When my clients send me a home they want to see and ask for my thoughts, I often respond “nice house; seems a little over-priced to me”. Sometimes they wonder how I know that before seeing the house.
Using general statistics to establish an immediate reaction to price, gives you a good starting point for home valuation.
The above graph is a good “cheat-sheet” for shoot from the hip value reaction. We can see that the recent history bottom of 3/09 is equivalent to 4/05 pricing.
One of my clients sent me a property, nice one, and I quickly checked to see that the owner bought it brand new in the summer of 2004 for $600,000 and the asking price is $750,000. “Looks a bit over-priced” because it was brand new when they bought it, so they didn’t (or shouldn’t have needed to) remodel anything. We are at May/June 2005 pricing (as you can see in the above chart).

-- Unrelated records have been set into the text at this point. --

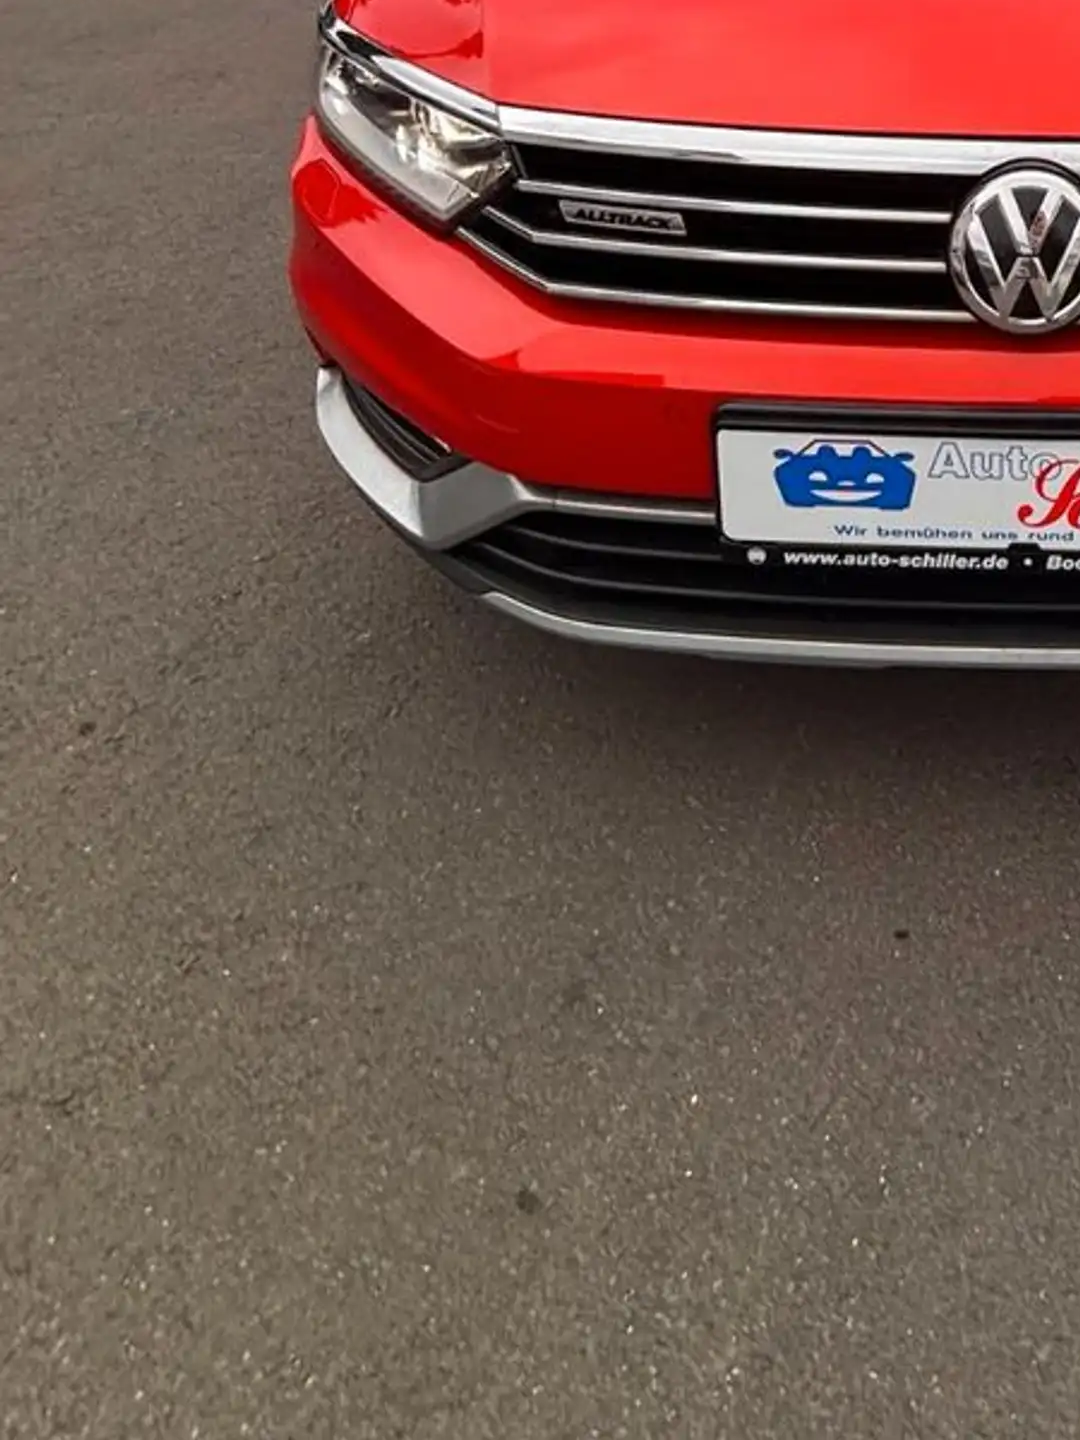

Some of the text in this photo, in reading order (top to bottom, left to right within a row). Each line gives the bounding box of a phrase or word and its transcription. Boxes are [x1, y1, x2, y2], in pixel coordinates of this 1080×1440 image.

[574, 207, 670, 231] ALLTRACK
[927, 440, 1062, 481] Auto
[834, 524, 867, 537] Wir
[876, 525, 972, 540] bemühen
[981, 531, 1018, 541] uns
[1028, 530, 1074, 542] rund
[784, 551, 1009, 570] www.auto-schiller.de
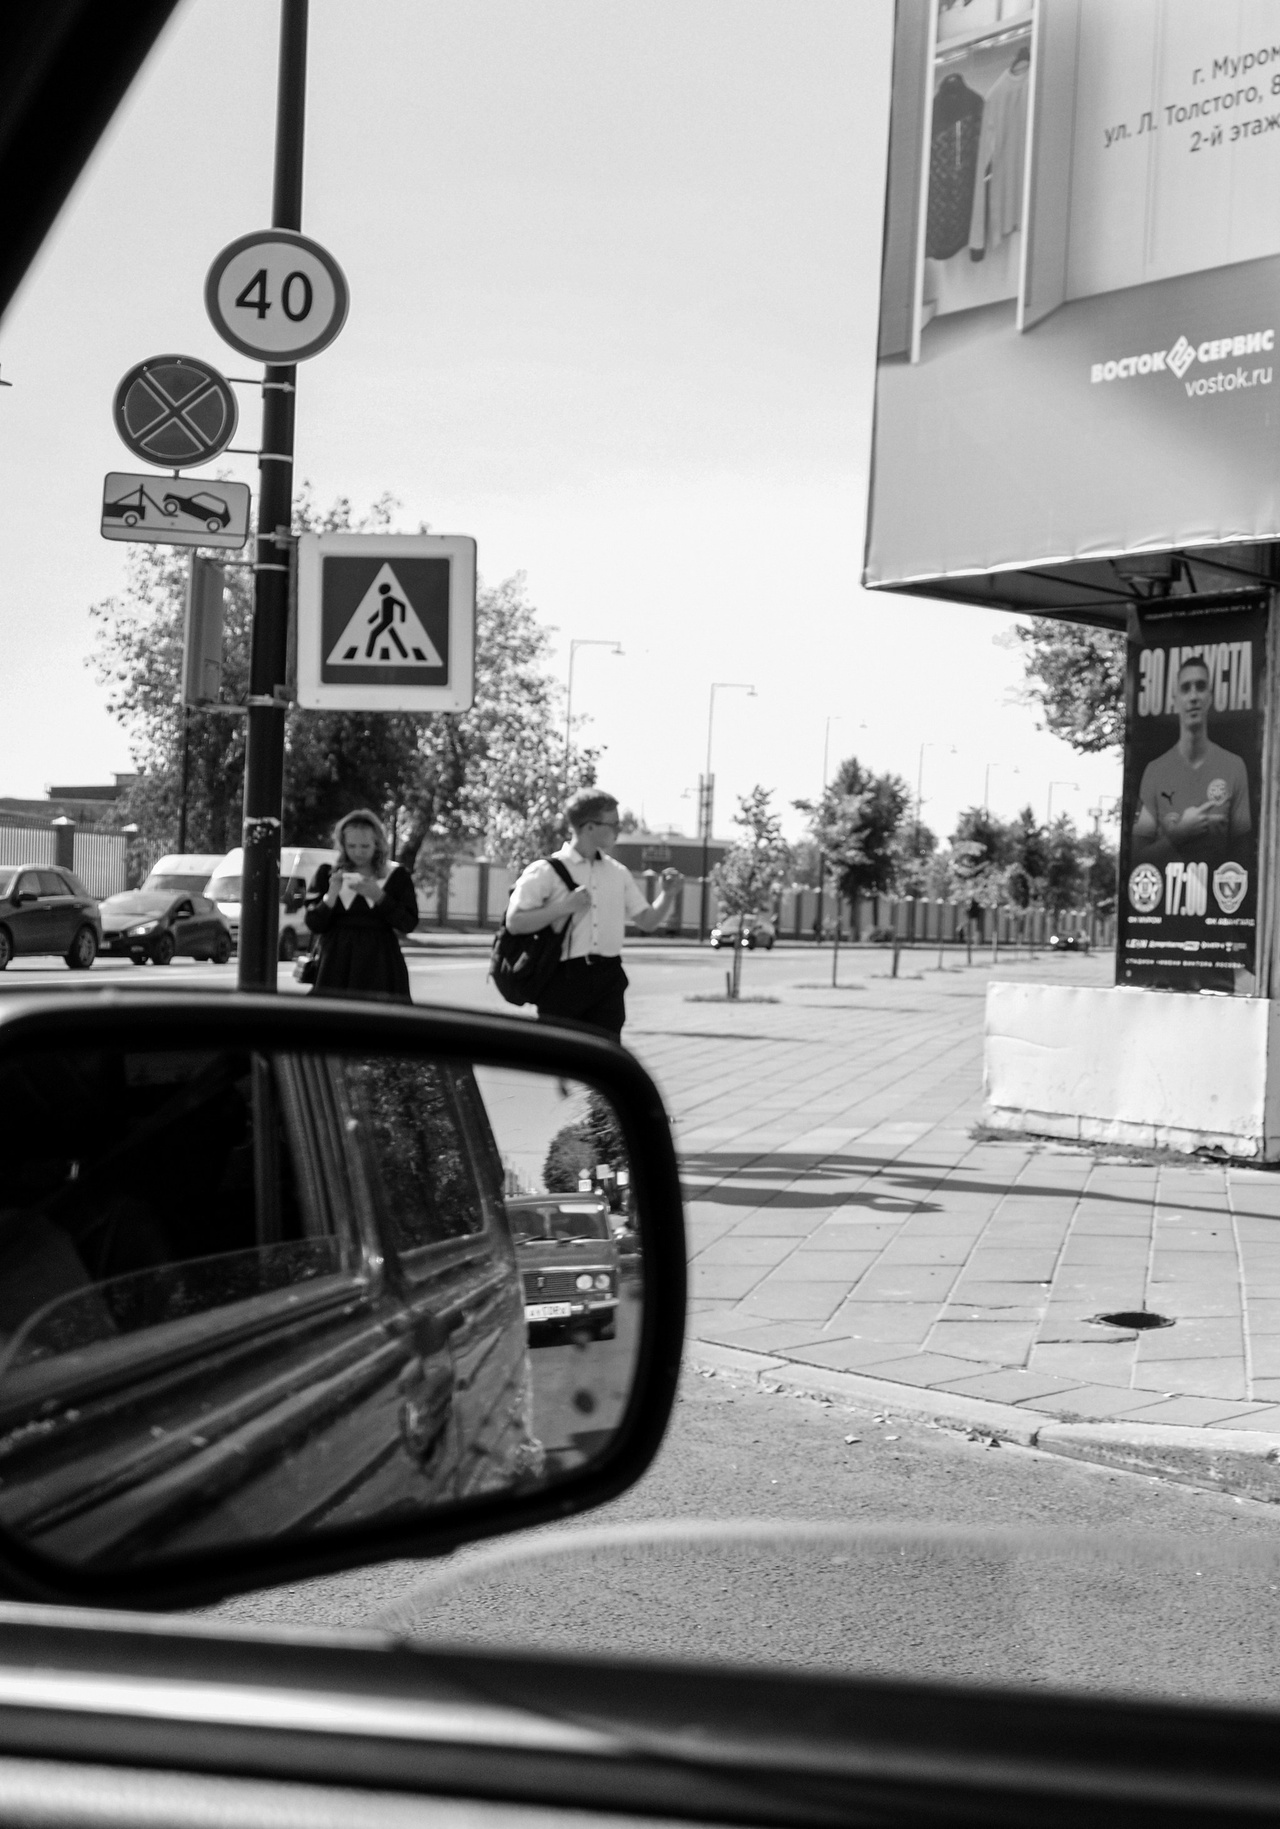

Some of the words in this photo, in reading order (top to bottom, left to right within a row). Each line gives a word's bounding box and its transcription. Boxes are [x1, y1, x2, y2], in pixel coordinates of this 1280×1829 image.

[1192, 66, 1205, 85] г.
[1104, 124, 1131, 148] ул.
[1137, 112, 1158, 136] Л.
[1165, 85, 1264, 126] Толстого,
[1189, 126, 1223, 153] 2-й
[235, 268, 313, 322] 40
[1091, 350, 1167, 383] ВОСТОК
[1197, 330, 1275, 363] СЕРВИС
[1185, 364, 1273, 397] vostok.ru
[1138, 647, 1166, 717] 30
[1165, 640, 1253, 715] АУСТА

The market didn’t increase by 20% from Summer of 2004 to Spring of 2005. New homes depreciate as 2004 new carpet is now 2010 old carpet. 2004 new paint and hot water tank are now heading toward the down-slope of their life expectancy period.
By all accounts asking 20% more for a home bought new in 2004 is not likely realistic. Median home price in June of 2004 was $340,000. Current month to date median price is $375,000. so that would put that property bought for $600,000 in June of 2004 at $660,000 to $665,000 today before applying depreciation. ($375 divided by $340 times $600 = $660) So my gut reaction to a $750,000 asking price is that it is almost $100,000 over where it should be.
That doesn’t mean that someone won’t pay $750,000 for it. The only question is…Is that someone who will pay about $90,000 too much for it…YOU?
(Required Disclosure: Stats in this post are not compiled, posted or verified by The Northwest Mulitple Listing Service.)